## Work item
Would you retype every line below without changing anything?

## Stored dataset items
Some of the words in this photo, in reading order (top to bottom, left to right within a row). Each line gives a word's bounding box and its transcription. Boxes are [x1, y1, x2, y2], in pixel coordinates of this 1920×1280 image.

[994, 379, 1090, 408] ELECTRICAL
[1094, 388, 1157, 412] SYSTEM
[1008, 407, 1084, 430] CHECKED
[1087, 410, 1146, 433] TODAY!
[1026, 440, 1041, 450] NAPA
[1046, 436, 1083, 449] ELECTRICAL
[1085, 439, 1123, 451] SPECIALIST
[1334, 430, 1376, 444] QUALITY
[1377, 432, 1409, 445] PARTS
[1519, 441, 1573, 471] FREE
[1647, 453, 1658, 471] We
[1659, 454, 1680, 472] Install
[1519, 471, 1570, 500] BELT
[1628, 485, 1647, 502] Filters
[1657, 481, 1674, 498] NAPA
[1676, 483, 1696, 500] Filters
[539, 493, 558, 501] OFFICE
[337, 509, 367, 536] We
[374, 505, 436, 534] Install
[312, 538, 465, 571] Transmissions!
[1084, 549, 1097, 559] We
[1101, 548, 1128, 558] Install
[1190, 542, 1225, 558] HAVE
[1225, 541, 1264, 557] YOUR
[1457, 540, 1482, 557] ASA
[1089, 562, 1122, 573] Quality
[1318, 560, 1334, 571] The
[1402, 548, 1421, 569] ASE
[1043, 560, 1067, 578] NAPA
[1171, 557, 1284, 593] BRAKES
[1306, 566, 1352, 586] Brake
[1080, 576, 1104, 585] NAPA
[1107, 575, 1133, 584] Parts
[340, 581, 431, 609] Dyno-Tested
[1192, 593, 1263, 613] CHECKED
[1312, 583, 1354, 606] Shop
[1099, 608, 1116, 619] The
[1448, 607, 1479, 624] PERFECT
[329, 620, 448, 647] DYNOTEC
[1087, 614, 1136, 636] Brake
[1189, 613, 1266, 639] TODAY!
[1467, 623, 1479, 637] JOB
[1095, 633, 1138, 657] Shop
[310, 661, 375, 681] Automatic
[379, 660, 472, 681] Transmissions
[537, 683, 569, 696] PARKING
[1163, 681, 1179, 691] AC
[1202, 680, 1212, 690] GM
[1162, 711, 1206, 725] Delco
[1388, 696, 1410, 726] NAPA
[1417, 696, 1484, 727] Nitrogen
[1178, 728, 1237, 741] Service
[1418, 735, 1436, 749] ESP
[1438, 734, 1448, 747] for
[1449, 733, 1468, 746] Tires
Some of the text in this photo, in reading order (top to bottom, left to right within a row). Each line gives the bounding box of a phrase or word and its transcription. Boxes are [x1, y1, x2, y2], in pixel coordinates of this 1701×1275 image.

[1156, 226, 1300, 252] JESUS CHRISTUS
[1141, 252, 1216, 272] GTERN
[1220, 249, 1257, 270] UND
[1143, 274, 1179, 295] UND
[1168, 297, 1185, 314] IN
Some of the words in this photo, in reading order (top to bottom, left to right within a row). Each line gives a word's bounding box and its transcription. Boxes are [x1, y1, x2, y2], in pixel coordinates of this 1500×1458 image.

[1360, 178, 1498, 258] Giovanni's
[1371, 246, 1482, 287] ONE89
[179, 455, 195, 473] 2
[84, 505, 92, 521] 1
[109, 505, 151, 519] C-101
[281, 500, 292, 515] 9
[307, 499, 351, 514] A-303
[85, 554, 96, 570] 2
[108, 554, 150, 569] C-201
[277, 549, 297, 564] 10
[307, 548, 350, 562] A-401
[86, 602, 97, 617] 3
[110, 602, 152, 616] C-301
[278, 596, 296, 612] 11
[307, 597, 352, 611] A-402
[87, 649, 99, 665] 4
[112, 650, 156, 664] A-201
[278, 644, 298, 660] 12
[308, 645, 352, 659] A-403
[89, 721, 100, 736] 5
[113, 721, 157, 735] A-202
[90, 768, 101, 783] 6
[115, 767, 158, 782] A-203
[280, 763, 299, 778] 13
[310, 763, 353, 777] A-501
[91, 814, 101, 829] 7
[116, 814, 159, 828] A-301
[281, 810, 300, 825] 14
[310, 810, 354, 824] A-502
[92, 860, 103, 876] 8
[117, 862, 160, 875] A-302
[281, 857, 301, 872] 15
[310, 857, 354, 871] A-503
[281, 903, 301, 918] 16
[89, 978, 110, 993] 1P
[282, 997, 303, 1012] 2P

## Problem solution
Some of the words in this photo, in reading order (top to bottom, left to right within a row). Each line gives a word's bounding box and its transcription. Boxes are [x1, y1, x2, y2], in pixel coordinates of this 1920×1280 image.

[994, 379, 1090, 408] ELECTRICAL
[1094, 388, 1157, 412] SYSTEM
[1008, 407, 1084, 430] CHECKED
[1087, 410, 1146, 433] TODAY!
[1026, 440, 1041, 450] NAPA
[1046, 436, 1083, 449] ELECTRICAL
[1085, 439, 1123, 451] SPECIALIST
[1334, 430, 1376, 444] QUALITY
[1377, 432, 1409, 445] PARTS
[1519, 441, 1573, 471] FREE
[1647, 453, 1658, 471] We
[1659, 454, 1680, 472] Install
[1519, 471, 1570, 500] BELT
[1628, 485, 1647, 502] Filters
[1657, 481, 1674, 498] NAPA
[1676, 483, 1696, 500] Filters
[539, 493, 558, 501] OFFICE
[337, 509, 367, 536] We
[374, 505, 436, 534] Install
[312, 538, 465, 571] Transmissions!
[1084, 549, 1097, 559] We
[1101, 548, 1128, 558] Install
[1190, 542, 1225, 558] HAVE
[1225, 541, 1264, 557] YOUR
[1457, 540, 1482, 557] ASA
[1089, 562, 1122, 573] Quality
[1318, 560, 1334, 571] The
[1402, 548, 1421, 569] ASE
[1043, 560, 1067, 578] NAPA
[1171, 557, 1284, 593] BRAKES
[1306, 566, 1352, 586] Brake
[1080, 576, 1104, 585] NAPA
[1107, 575, 1133, 584] Parts
[340, 581, 431, 609] Dyno-Tested
[1192, 593, 1263, 613] CHECKED
[1312, 583, 1354, 606] Shop
[1099, 608, 1116, 619] The
[1448, 607, 1479, 624] PERFECT
[329, 620, 448, 647] DYNOTEC
[1087, 614, 1136, 636] Brake
[1189, 613, 1266, 639] TODAY!
[1467, 623, 1479, 637] JOB
[1095, 633, 1138, 657] Shop
[310, 661, 375, 681] Automatic
[379, 660, 472, 681] Transmissions
[537, 683, 569, 696] PARKING
[1163, 681, 1179, 691] AC
[1202, 680, 1212, 690] GM
[1162, 711, 1206, 725] Delco
[1388, 696, 1410, 726] NAPA
[1417, 696, 1484, 727] Nitrogen
[1178, 728, 1237, 741] Service
[1418, 735, 1436, 749] ESP
[1438, 734, 1448, 747] for
[1449, 733, 1468, 746] Tires
Some of the text in this photo, in reading order (top to bottom, left to right within a row). Each line gives the bounding box of a phrase or word and its transcription. Boxes are [x1, y1, x2, y2], in pixel coordinates of this 1701×1275 image.

[1156, 226, 1300, 252] JESUS CHRISTUS
[1141, 252, 1216, 272] GTERN
[1220, 249, 1257, 270] UND
[1143, 274, 1179, 295] UND
[1168, 297, 1185, 314] IN
Some of the words in this photo, in reading order (top to bottom, left to right within a row). Each line gives a word's bounding box and its transcription. Boxes are [x1, y1, x2, y2], in pixel coordinates of this 1500×1458 image.

[1360, 178, 1498, 258] Giovanni's
[1371, 246, 1482, 287] ONE89
[179, 455, 195, 473] 2
[84, 505, 92, 521] 1
[109, 505, 151, 519] C-101
[281, 500, 292, 515] 9
[307, 499, 351, 514] A-303
[85, 554, 96, 570] 2
[108, 554, 150, 569] C-201
[277, 549, 297, 564] 10
[307, 548, 350, 562] A-401
[86, 602, 97, 617] 3
[110, 602, 152, 616] C-301
[278, 596, 296, 612] 11
[307, 597, 352, 611] A-402
[87, 649, 99, 665] 4
[112, 650, 156, 664] A-201
[278, 644, 298, 660] 12
[308, 645, 352, 659] A-403
[89, 721, 100, 736] 5
[113, 721, 157, 735] A-202
[90, 768, 101, 783] 6
[115, 767, 158, 782] A-203
[280, 763, 299, 778] 13
[310, 763, 353, 777] A-501
[91, 814, 101, 829] 7
[116, 814, 159, 828] A-301
[281, 810, 300, 825] 14
[310, 810, 354, 824] A-502
[92, 860, 103, 876] 8
[117, 862, 160, 875] A-302
[281, 857, 301, 872] 15
[310, 857, 354, 871] A-503
[281, 903, 301, 918] 16
[89, 978, 110, 993] 1P
[282, 997, 303, 1012] 2P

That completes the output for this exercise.